Pinto alega que esa compensación ha de tener en cuenta varios agravantes. Su temprana edad, 27 años. El encierro lejos de su familia. Y los daños no solo morales, sino laborales y de desarrollo personal que todavía sufre. A eso le suma sus circunstancias actuales. Ha ido con estos recursos a cada estamento. Primero, a la Audiencia Nacional y luego al Tribunal Constitucional, que aceptó la propuesta y lo devolvió a Justicia.
El ministerio le aumentó el pago a 40.000 euros. Se le hicieron efectivos el pasado 29 de septiembre, pero nada está libre de complicaciones: al no tener NIE, ni cuenta corriente, Datcu no los podía cobrar. Ha tenido que ser el propio abogado quien lo recibiera e hiciera una transferencia al padre, en Rumanía, y le guardara una cantidad que le da cuando se ven.
El abogado y la víctima de este laberinto burocrático esperan ahora el segundo dictamen, el de los 274.600 euros. Han admitido a trámite la queja, pero el proceso puede tardar años. "Queremos darle un empujón", comenta Pinto. A su lado también está Albano Vicente, un madrileño de 41 años que le conoció una noche en que veía cómo le agredía la policía y se ha vuelto inseparable. Datcu se santigua y mira al cielo esperando que el final de este malentendido llegue pronto y que aquellos días entre rejas se le diluyan, por fin, de la memoria.

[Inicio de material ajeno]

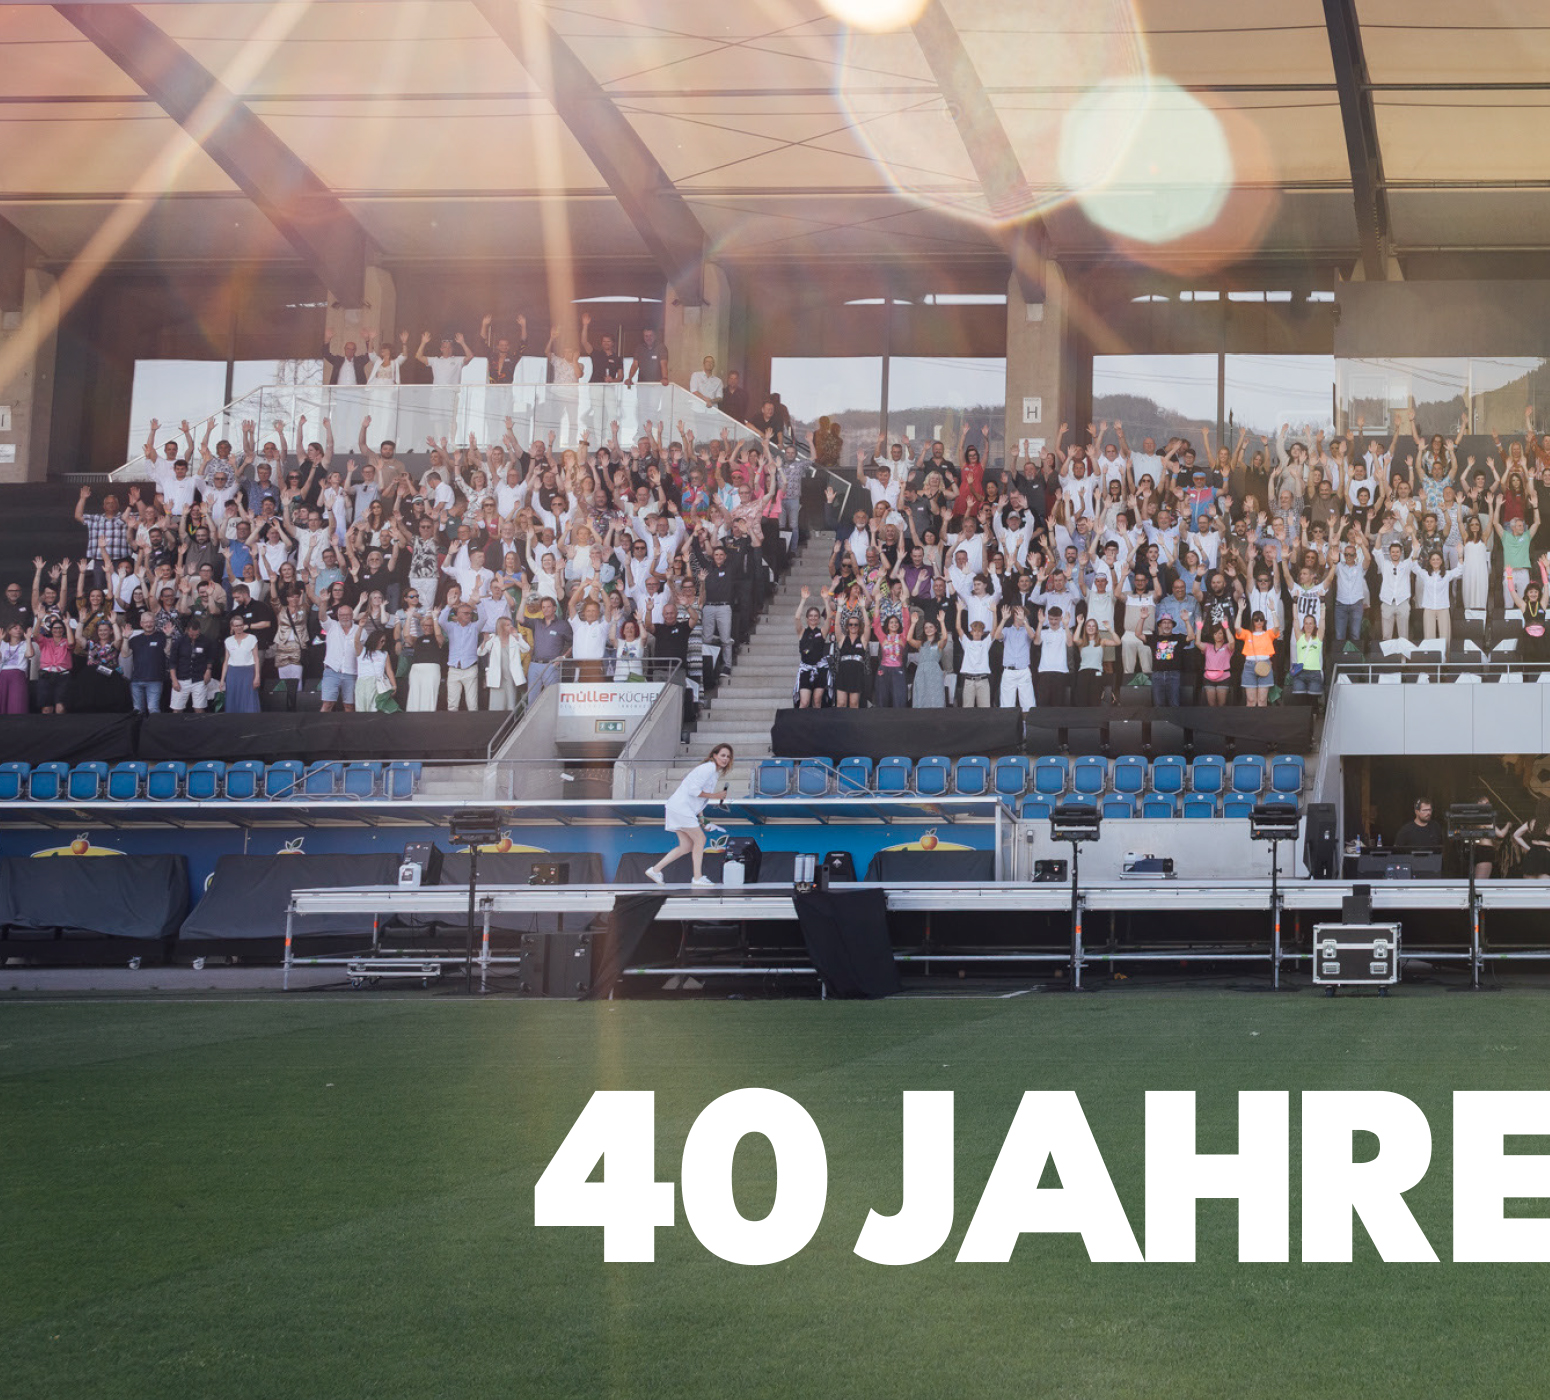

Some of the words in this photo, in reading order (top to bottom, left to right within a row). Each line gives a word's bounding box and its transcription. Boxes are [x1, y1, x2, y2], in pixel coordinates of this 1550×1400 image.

[1026, 406, 1038, 419] H
[1298, 596, 1318, 615] LIFE
[560, 691, 617, 703] müller
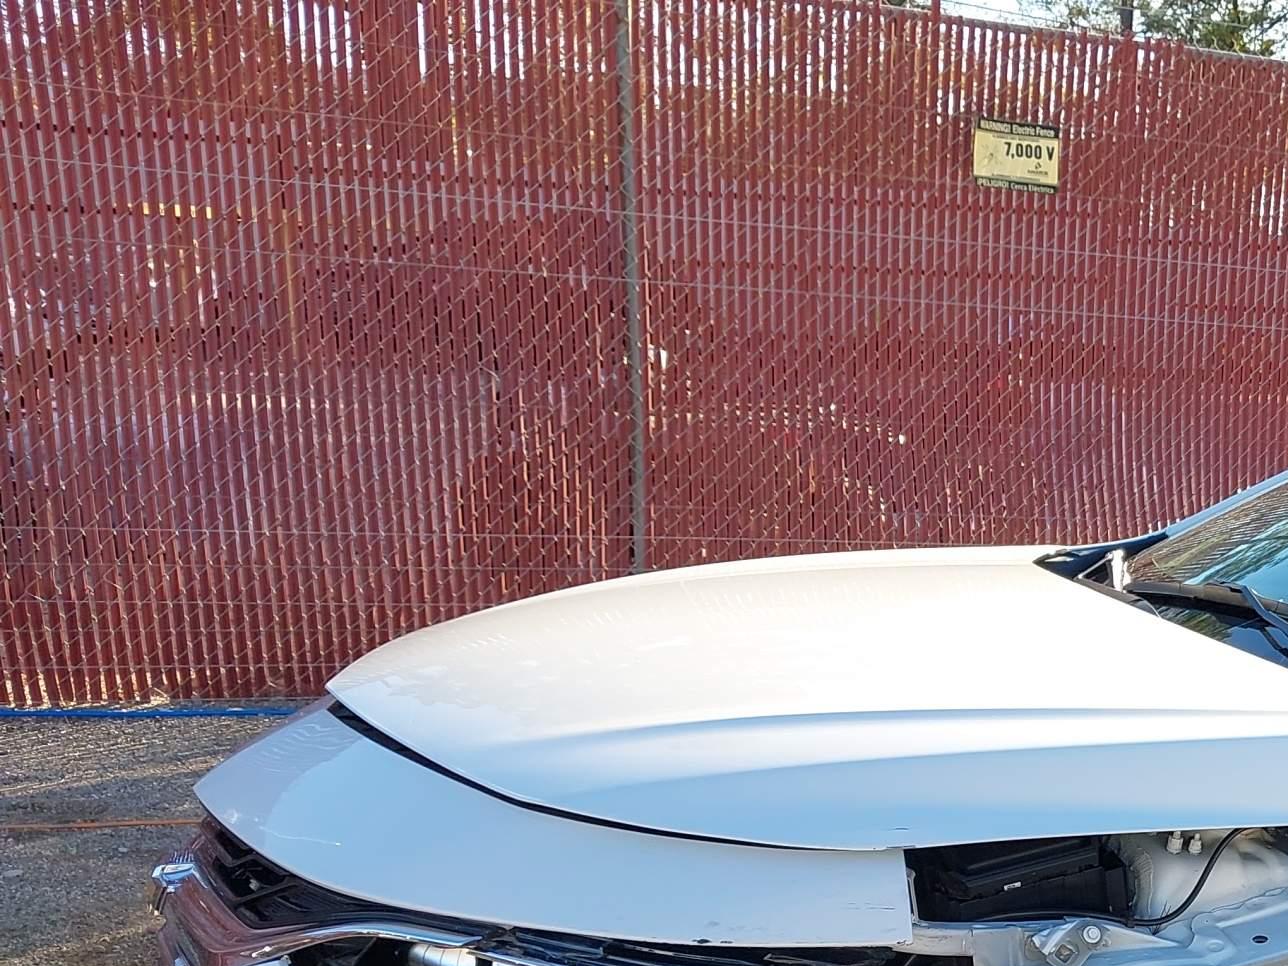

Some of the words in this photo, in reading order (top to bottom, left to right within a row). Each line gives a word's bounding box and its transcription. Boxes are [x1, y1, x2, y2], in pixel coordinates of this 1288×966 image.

[1012, 124, 1035, 136] Electric
[1036, 126, 1055, 137] Fence
[1004, 141, 1042, 160] 7,000
[1046, 146, 1055, 161] V
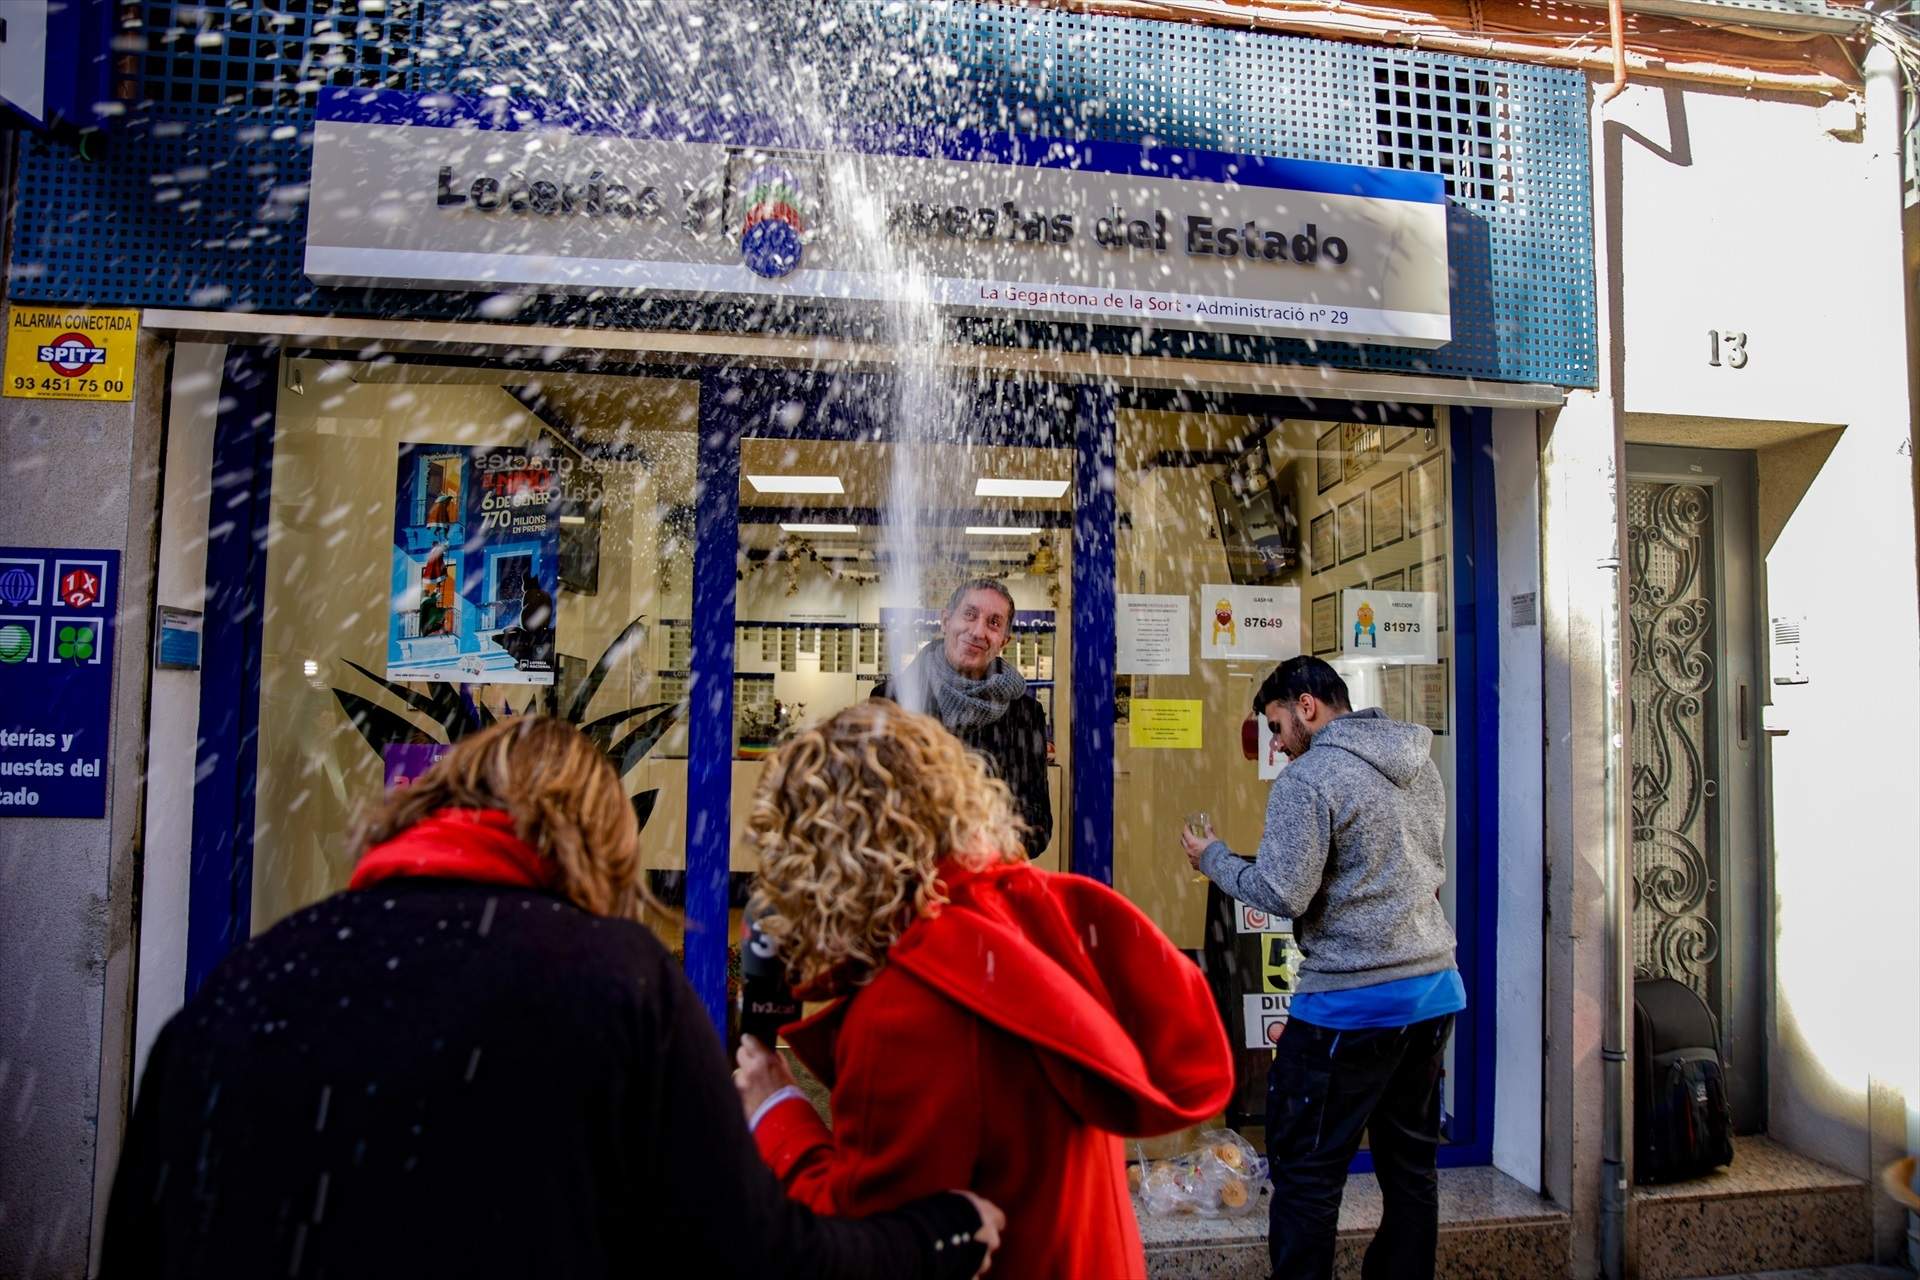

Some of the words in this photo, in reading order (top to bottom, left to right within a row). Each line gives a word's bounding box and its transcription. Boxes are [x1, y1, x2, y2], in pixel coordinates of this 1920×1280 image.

[1095, 206, 1167, 250] del
[1186, 214, 1349, 265] Estado
[981, 286, 998, 300] La
[1005, 287, 1098, 306] Gegantona
[1104, 293, 1123, 308] de
[1130, 294, 1143, 309] la
[1149, 297, 1182, 312] Sort
[1196, 300, 1305, 321] Administració
[1331, 310, 1349, 325] 29
[14, 313, 62, 328] ALARMA
[65, 315, 132, 331] CONECTADA
[40, 346, 105, 363] SPITZ
[1707, 329, 1749, 369] 13
[15, 377, 36, 390] 93
[41, 378, 70, 391] 451
[79, 379, 98, 392] 75
[104, 380, 123, 392] 00
[481, 490, 495, 510] 6
[496, 495, 511, 509] DE
[481, 510, 512, 529] 770
[512, 515, 547, 524] MILIONS
[1244, 618, 1283, 629] 87649
[1384, 622, 1421, 633] 81973
[61, 733, 74, 752] y
[1, 759, 64, 777] uestas
[70, 758, 101, 777] del
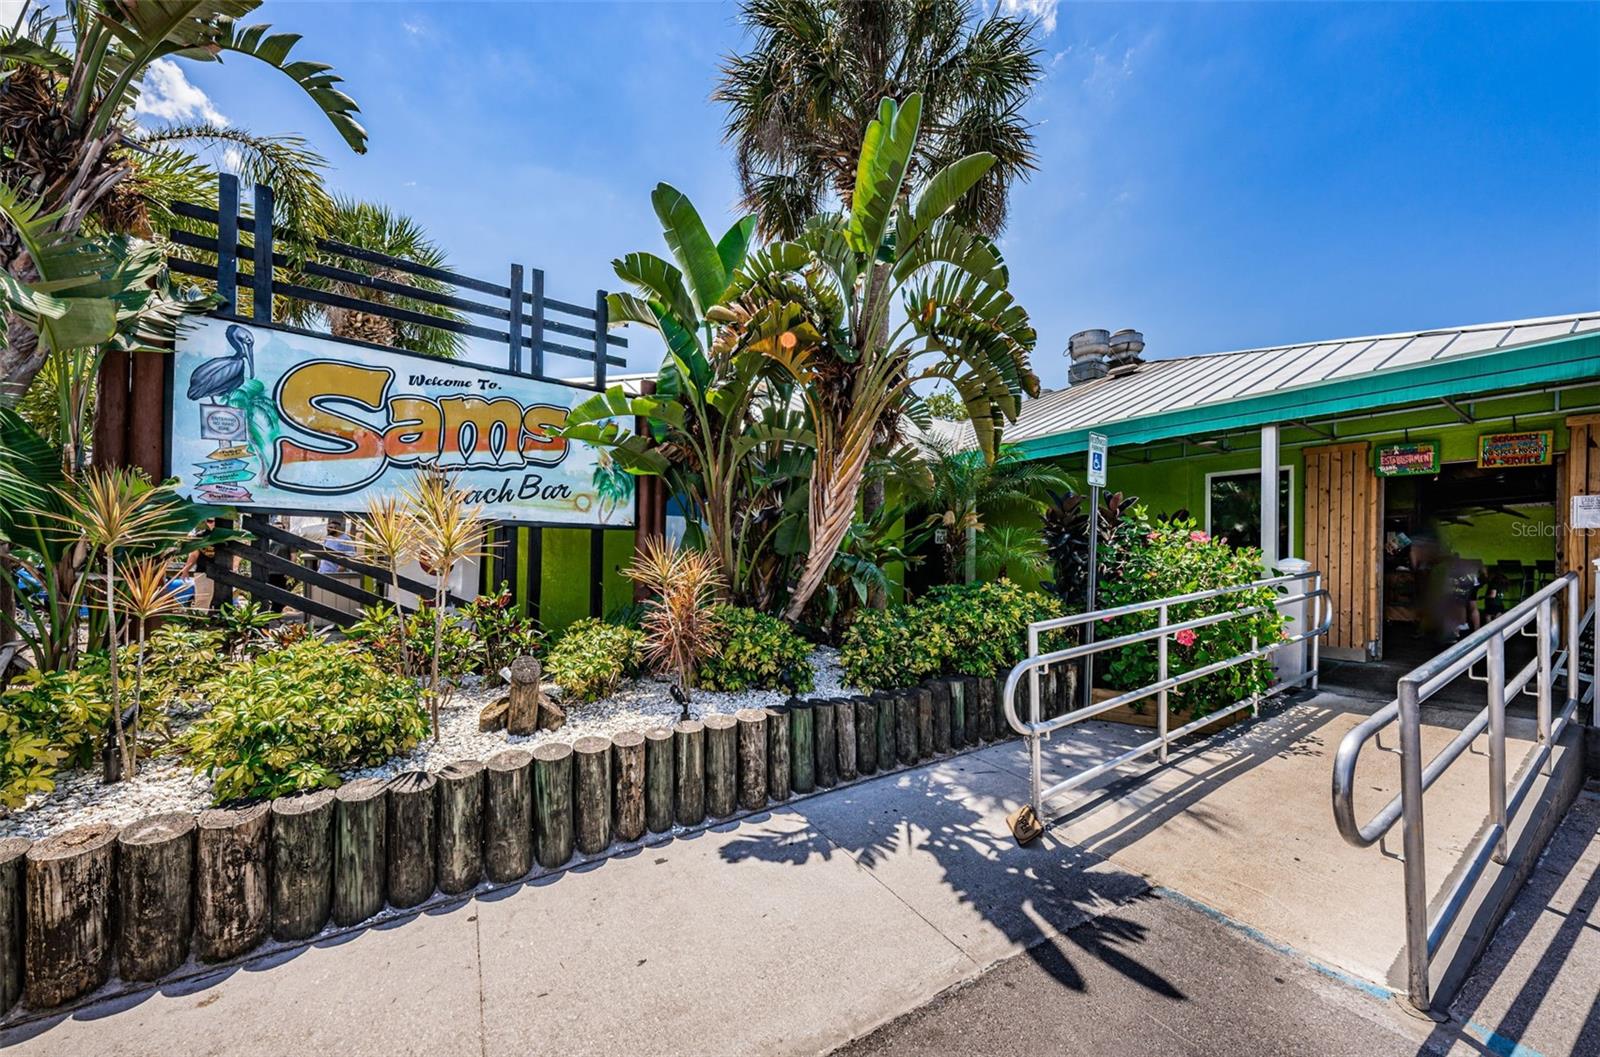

“Me pasaba el día en la celda. No me maltrataban, pero me ponían trampas para poder castigarme”, rememora de aquellas jornadas en Ocaña (Toledo) o Soto del Real (Madrid). Datcu a ratos está esperanzado y a ratos cree que todo es un complot en su contra, y que nunca sacará nada porque todos están compinchados. Incluso dice que le obligaban a tomar medicación porque se empeñaron en diagnosticarle un problema mental. Hasta que llegue el veredicto, Datcu va sorteando contratiempos. Desde los más cotidianos hasta los legales. Su amiga Andreea le ayuda con la tarjeta de residencia, le ofrece la ducha y está en contacto con su familia.
Su letrado y Albano le suministran poco a poco el dinero que le ha sobrado: 25.000 euros han ido a su padre y espera que se compre una pequeña casa allí, en Rumania. Con lo que le ha quedado buscan algún sitio para alquilar a un precio razonable, sin éxito: a la falta de identificación se le añaden los desmanes del mercado inmobiliario. Y en el barrio siempre hay quien le echa un cable: en una peluquería le asean gratis, en un estanco a veces le dan algún cigarrillo y en los negocios de hostelería suelen portarse con un café o un bocata.
Ni de la chica que le acusó (y, asevera, había acusado a otros 37 chicos, desdiciéndose luego de todo) ni de los otros rumanos detenidos sabe nada. Uno de ellos fue más afortunado y –gracias a tener pareja y casa- pudo soportar el proceso en su domicilio. El otro, que le acompañó hasta la última sentencia, anda por la calle. A veces se lo cruza en un parque cercano. Pero no quiere verle: Datcu evita juntarse con otros 'sintecho' igual que evita los albergues, donde habla de "robos, peleas" y un control al que no está acostumbrado.
Se aleja, en definitiva, de quienes cargan con una adicción o causan problemas. "No todos los que vivimos en la calle estamos locos, o somos delincuentes, pero la vida aquí siempre es dura", avisa, sorbiendo poco a poco de una lata de cerveza después de encontrarse con un radiador maltrecho o un tenderete en su paseo mañanero. Es su única evasión -siempre "poquita", confiesa bajo el gesto de aproximar el dedo pulgar con el índice- junto con la música.
Gracias a estas "cosas pequeñas", Datcu soporta un pasado injusto y aguarda a una incierta recompensa. Cuando le llegue, no la celebrará con alardes. Solo alterará un detalle: cambiará su habitual ubicación y se lanzará a una pista de baile cubierta, donde no le haga falta el altavoz y "con miles de personas mirando".